The four-film selection from Taiwan is resolutely pop, accessible, and unapologetically fun in a way not normally associated with productions from the island better known for its art-house output. Han Dan is a macho tale of friendship and betrayal anchored in the savagery of local tradition where fireworks are shot at a parading half-naked man. Hsieh Nien Tsu’s It’s A Mad, Mad, Mad, Mad Show is a madcap comedy about TV producers gone wild and wrong. Hung Tzu-Hsuan’s The Scoundrels is a violent action piece while Mitch Lin and Gary Tseng’s Someone in the Clouds is a decidedly unrepentant rom-com.

This year’s Southeast Asian Vanguard selection spotlights a fascinatingly varied breadth of electrifying cinema. From the Philippines comes MA, a chilling debut from Kenneth Dagatan who was born to make horror films. On the other side of the spectrum is Chito Rono’s Signal Rock, a realist yet poetic drama that shows what life is really like on one of the country’s many little islands. In similar contrast are the two films from Vietnam. Le-Van Kiet’s Furie is a balls-to-the-wall actioner while Leon Le’s Song Lang is a sweeping and touching drama that combines a story of traditional opera with both crime and LGBTQ elements. Indonesia brings old-school matinee-style comedy and martial arts adventure with Angga Dwimas Sasongko’s 212 Warrior while from Malaysia comes Ryon Lee’s brooding psychological horror film Walk with Me. The living dead are represented this year by Jacen Tan’s hilarious Singaporean zom-com Zombiepura. Capping it all off is Ping Lumpraploeng’s The Pool, a stunningly original existentialist thriller that redefines the meaning of “hitting rock bottom” in the most literal way.

As TV and film increasingly converge, NYAFF will screen, ahead of its August 12 release on AMC, The Terror: Infamy. Set during World War II, the haunting second season of the horror anthology centers on a series of bizarre deaths that haunt a Japanese-American community, and a young man’s journey to understand and combat the malevolent entity responsible. The series stars Derek Mio, Kiki Sukezane, Shingo Usami and renowned actor, producer, author and activist George Takei.
This year, NYAFF also presents several free talks, sponsored by HBO®, at the Elinor Bunin Munroe Film Center’s Amphitheater. They include opportunities for NYAFF audiences to meet festival guests from Japan, China, and Southeast Asia and discuss their careers, trends, and regional genre cinema.

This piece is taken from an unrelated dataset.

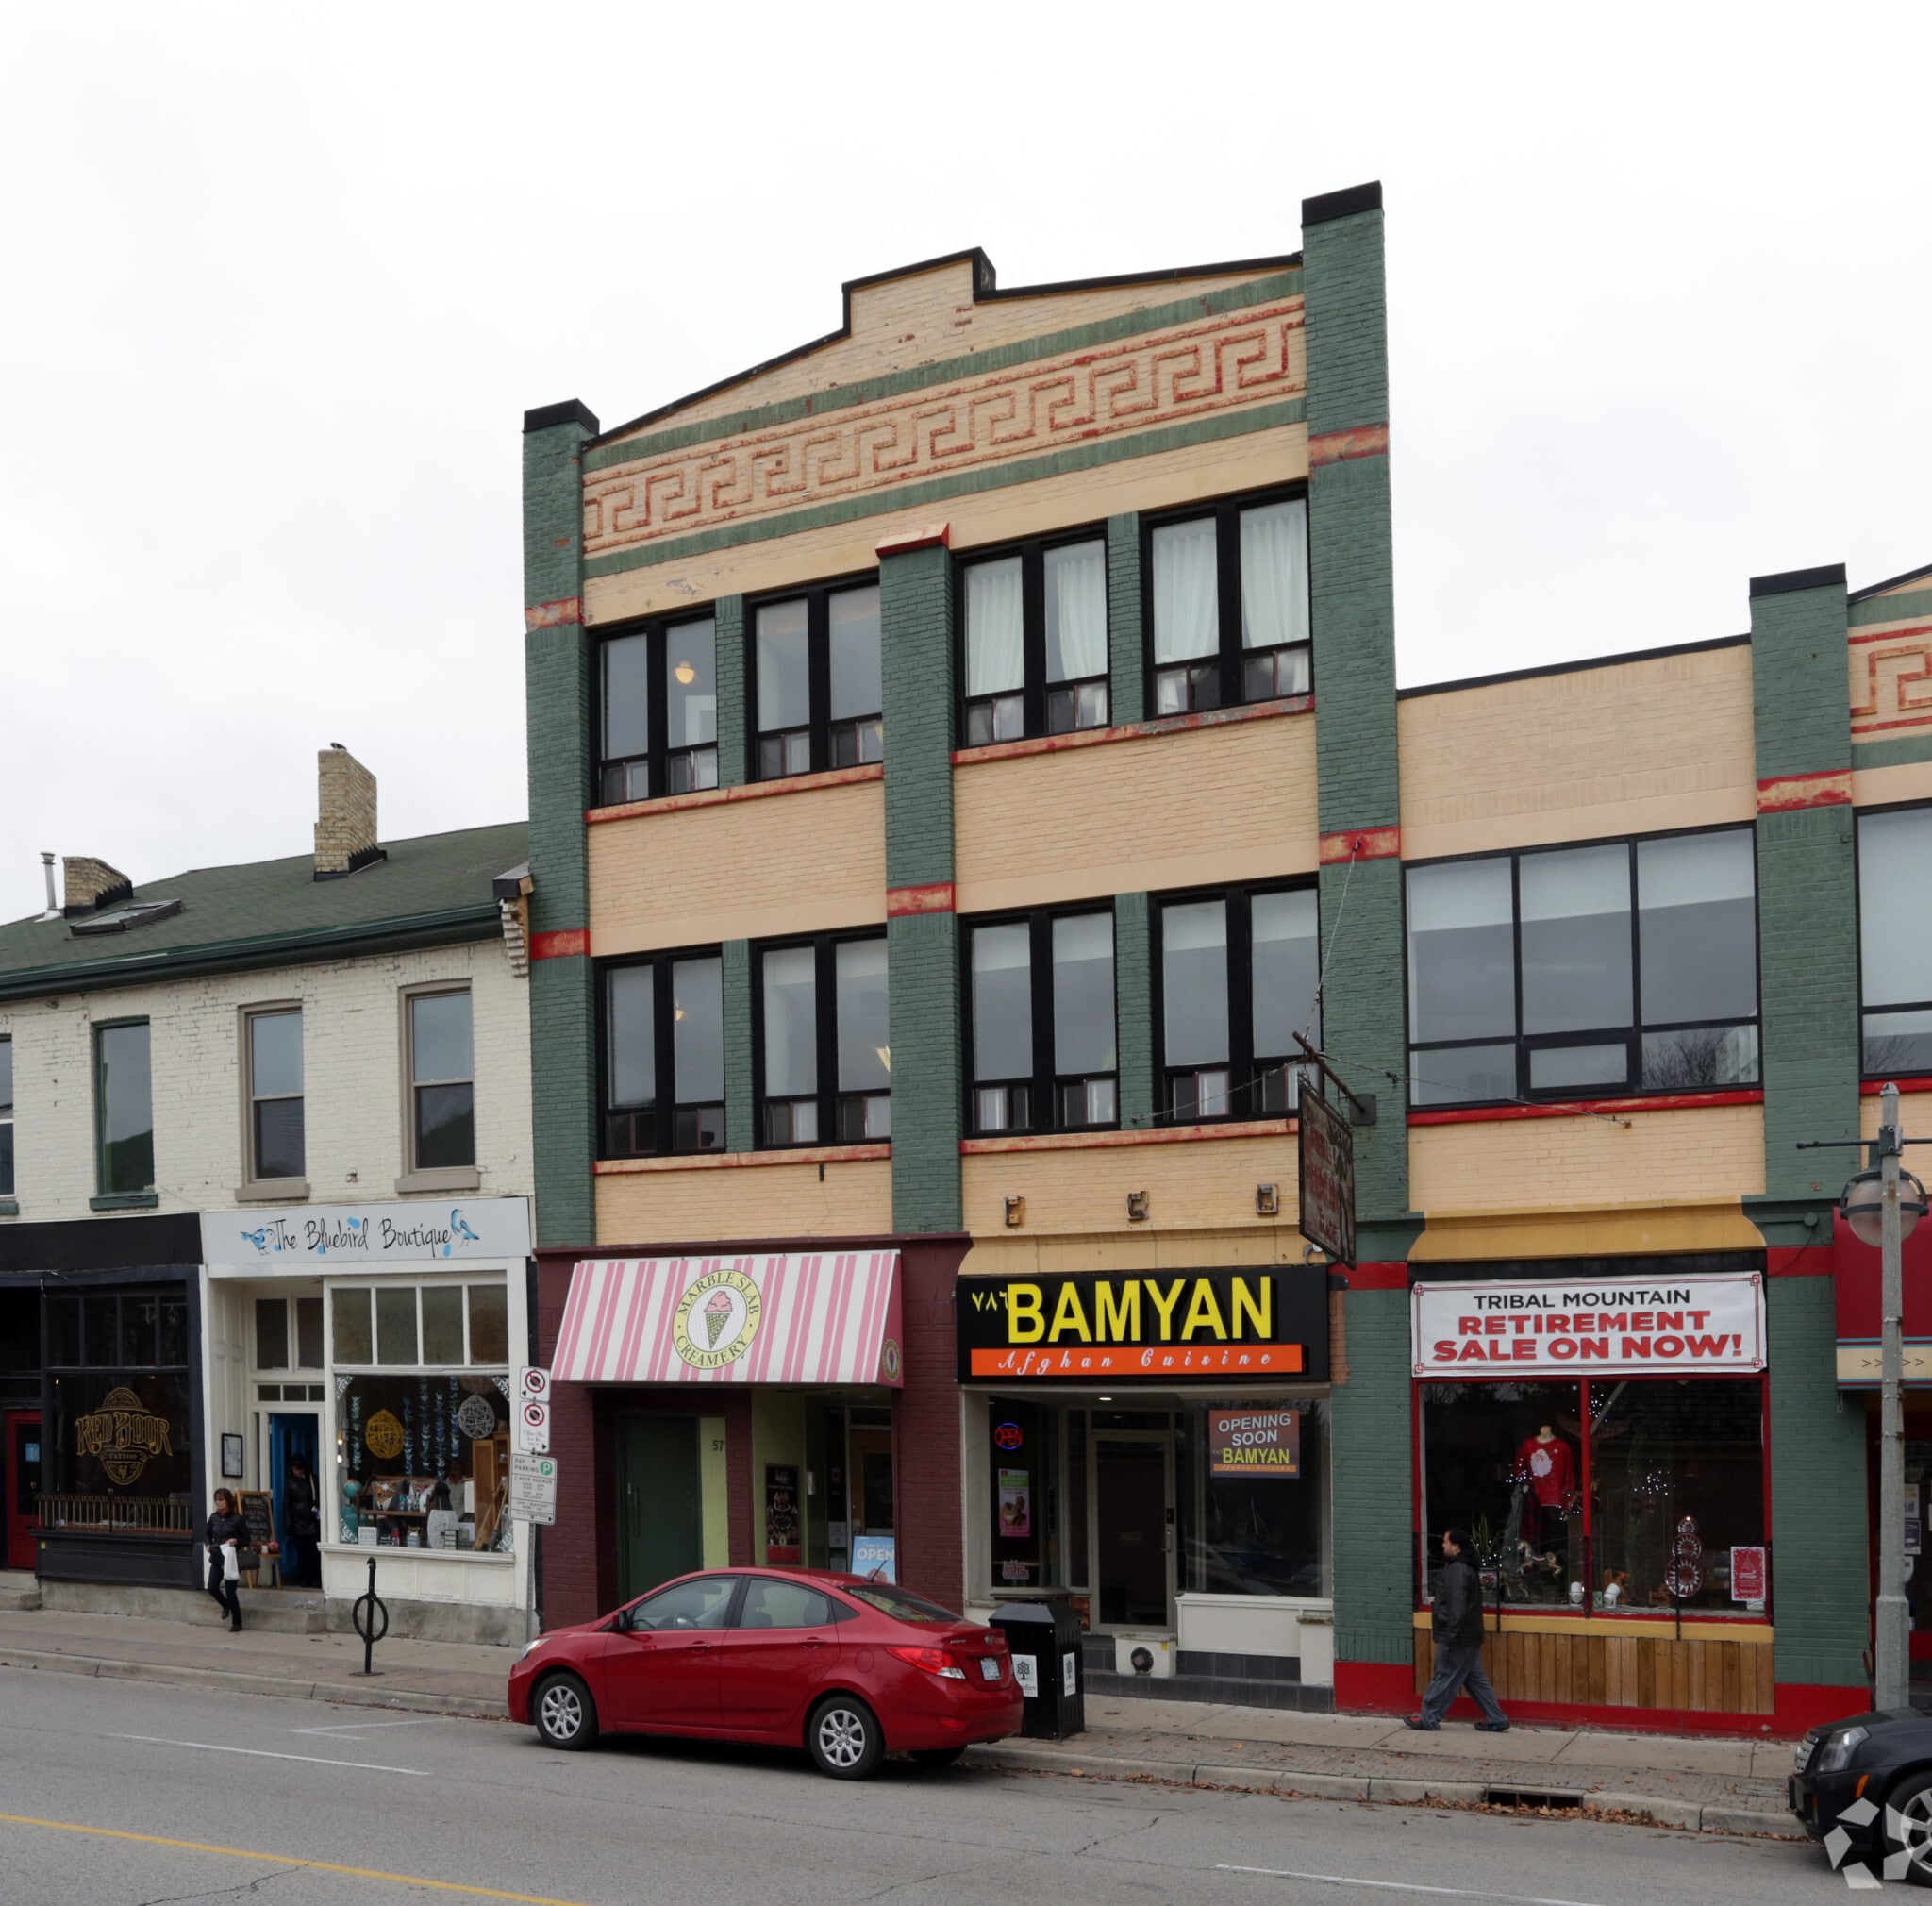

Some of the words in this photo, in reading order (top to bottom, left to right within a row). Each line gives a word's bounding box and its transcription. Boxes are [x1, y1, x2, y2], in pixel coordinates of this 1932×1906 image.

The New York Asian Film Festival is co-presented by the New York Asian Film Foundation and Film at Lincoln Center and takes place from June 28 through July 11 at FLC’s Walter Reade Theater (165 West 65th Street), and July 11-14 at SVA Theatre (333 West 23rd Street). It is curated by executive director Samuel Jamier, head programmers Claire Marty and David Wilentz, and programmers Karen Severns and Koichi Mori.
Full schedule and ticket booking facility are available at the festival website.